WASTE and water group United Utilities said in a trading update today that it enjoyed a solid start to 2012 and is on course to deliver a good financial performance for the year.
The firm, which is currently the target of takeover bid speculation, said current trading is in line with group expectations in a trading statement for the first half until 30 September.
Revenue in the year to the end of March 2013 is expected to be higher than last year, largely due to the regulated price increases with industry watchdog Ofwat. United Utilities added that price increases are slightly below the price rise set out by the regulator, due to customers switching to water meters.
The group added that borrowings for the half year will be moderately higher compared to March 2012, mainly due to increased capex, final dividend and pension payments.

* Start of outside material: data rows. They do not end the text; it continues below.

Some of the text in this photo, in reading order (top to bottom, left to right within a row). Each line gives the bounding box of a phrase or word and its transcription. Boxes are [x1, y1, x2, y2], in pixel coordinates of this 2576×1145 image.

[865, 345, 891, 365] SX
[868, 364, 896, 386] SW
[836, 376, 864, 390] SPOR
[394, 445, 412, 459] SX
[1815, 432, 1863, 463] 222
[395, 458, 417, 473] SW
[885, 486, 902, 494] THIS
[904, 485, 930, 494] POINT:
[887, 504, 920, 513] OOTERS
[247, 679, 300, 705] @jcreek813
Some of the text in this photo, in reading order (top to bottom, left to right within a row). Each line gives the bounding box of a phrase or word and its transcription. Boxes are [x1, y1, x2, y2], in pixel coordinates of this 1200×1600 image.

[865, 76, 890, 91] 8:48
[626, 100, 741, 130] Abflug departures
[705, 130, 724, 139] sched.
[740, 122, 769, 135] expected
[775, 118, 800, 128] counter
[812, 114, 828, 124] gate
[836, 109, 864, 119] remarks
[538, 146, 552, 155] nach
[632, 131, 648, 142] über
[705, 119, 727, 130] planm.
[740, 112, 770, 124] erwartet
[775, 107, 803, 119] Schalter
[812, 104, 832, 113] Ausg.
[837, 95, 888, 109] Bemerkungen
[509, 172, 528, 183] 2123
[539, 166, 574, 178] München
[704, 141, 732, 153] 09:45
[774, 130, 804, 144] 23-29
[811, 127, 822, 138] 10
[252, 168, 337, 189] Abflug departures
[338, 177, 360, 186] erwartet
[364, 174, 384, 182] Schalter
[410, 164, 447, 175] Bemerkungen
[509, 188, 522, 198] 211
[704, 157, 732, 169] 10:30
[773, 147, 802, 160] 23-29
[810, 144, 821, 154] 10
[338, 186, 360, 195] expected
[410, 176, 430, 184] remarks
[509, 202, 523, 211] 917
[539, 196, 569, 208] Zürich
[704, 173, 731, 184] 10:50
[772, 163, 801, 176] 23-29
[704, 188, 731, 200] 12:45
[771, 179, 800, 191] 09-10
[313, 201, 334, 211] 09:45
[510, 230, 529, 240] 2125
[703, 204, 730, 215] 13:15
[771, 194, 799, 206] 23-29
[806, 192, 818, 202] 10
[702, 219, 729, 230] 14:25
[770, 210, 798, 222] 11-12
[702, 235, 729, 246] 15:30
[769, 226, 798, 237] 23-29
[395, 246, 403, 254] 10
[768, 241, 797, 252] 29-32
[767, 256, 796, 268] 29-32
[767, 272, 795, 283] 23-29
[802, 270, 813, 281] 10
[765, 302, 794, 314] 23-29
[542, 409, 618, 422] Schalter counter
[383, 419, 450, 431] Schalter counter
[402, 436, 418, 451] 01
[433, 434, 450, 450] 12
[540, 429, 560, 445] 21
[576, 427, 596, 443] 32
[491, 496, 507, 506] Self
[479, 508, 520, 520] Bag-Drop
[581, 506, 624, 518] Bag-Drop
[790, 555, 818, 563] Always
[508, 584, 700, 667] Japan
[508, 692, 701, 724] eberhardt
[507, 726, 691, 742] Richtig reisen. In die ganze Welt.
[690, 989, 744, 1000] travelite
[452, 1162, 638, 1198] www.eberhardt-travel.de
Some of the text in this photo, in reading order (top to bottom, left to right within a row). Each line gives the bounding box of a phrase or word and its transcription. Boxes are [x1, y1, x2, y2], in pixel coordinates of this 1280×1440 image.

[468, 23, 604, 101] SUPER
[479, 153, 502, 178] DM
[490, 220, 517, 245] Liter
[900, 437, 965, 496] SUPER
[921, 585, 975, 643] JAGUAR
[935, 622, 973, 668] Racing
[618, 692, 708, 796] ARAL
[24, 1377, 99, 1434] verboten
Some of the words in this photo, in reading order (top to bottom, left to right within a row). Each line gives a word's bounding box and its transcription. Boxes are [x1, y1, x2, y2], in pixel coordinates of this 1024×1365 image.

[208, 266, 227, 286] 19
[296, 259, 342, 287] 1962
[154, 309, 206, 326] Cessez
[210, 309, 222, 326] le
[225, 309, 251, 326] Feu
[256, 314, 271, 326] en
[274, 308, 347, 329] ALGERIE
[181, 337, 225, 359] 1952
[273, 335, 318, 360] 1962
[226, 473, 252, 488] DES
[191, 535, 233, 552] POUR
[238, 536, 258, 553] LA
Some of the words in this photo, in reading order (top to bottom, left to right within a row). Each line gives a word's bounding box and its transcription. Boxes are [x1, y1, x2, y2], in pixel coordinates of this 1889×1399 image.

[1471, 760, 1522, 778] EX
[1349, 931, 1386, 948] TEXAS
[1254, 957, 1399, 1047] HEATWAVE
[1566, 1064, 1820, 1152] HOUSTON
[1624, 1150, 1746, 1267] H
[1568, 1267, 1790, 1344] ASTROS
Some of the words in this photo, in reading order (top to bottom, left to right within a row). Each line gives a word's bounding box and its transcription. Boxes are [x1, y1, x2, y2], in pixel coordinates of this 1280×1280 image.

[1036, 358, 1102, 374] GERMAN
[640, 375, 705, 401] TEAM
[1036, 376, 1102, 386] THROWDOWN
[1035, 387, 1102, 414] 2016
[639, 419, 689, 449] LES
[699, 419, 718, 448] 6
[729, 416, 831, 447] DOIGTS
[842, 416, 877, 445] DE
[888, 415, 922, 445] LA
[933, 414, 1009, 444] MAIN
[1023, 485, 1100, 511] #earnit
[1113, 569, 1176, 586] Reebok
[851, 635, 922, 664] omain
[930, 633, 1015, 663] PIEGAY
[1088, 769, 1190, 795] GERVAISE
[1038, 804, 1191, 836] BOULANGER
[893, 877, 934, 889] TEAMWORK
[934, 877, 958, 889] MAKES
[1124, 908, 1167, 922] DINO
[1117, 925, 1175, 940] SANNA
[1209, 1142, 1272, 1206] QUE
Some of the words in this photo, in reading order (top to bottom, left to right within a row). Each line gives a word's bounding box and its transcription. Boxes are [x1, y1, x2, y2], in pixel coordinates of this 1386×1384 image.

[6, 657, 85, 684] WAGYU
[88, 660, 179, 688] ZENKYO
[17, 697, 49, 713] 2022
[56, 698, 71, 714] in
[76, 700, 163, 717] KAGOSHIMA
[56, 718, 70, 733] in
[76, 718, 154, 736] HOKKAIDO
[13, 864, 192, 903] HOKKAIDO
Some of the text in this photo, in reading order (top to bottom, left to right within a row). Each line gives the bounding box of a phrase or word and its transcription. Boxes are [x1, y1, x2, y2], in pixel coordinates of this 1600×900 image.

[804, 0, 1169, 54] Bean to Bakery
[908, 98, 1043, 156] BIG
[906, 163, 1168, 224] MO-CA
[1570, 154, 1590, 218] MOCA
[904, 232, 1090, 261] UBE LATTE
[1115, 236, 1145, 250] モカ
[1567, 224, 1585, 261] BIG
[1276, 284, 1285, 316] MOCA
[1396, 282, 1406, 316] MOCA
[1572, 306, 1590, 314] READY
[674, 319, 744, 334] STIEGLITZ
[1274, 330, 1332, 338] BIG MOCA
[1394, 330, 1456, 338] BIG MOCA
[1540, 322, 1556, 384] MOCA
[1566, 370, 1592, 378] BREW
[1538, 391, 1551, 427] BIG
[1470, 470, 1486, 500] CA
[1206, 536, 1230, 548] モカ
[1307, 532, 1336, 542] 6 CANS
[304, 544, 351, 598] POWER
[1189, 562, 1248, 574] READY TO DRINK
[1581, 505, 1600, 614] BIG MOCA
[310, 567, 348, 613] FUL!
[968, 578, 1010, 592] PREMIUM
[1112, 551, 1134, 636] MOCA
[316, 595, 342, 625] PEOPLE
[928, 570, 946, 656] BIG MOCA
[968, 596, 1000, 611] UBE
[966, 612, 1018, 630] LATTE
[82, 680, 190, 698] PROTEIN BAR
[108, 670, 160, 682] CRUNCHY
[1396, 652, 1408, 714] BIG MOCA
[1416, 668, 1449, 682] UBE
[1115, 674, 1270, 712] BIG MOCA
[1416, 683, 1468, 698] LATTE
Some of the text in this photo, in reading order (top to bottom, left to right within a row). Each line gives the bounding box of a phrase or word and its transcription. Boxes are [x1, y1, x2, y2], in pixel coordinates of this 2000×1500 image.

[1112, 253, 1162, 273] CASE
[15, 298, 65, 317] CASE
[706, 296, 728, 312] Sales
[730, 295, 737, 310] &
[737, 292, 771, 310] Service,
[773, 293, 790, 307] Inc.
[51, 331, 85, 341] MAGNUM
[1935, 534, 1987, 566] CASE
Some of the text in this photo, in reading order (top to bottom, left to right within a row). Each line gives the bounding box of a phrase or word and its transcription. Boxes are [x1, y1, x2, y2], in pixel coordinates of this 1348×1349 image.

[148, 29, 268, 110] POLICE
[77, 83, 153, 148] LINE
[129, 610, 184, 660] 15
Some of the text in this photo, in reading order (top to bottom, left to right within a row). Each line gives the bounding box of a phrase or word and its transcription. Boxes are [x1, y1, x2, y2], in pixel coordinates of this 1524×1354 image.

The trading statement follows news last month that several buyers could be circling around the UK water company as a possible break-up target, including an international infrastructure consortium of the Ontario Teachers pension fund, Qatari and Abu Dhabi funds, who are thought to be considering a possible £6.1bn offer. Analysts at UBS said yesterday that United Utilities was an ideal target for a pension or sovereign wealth fund, and a consortium between the speculated parties “should have the firepower to make such a bid”.
Elsewhere, analysts at JP Morgan Cazenove disagreed, saying yesterday that the utility firm is unlikely to see a bid emerging in the next six months.
Its shares closed 0.41 per cent higher at 730p.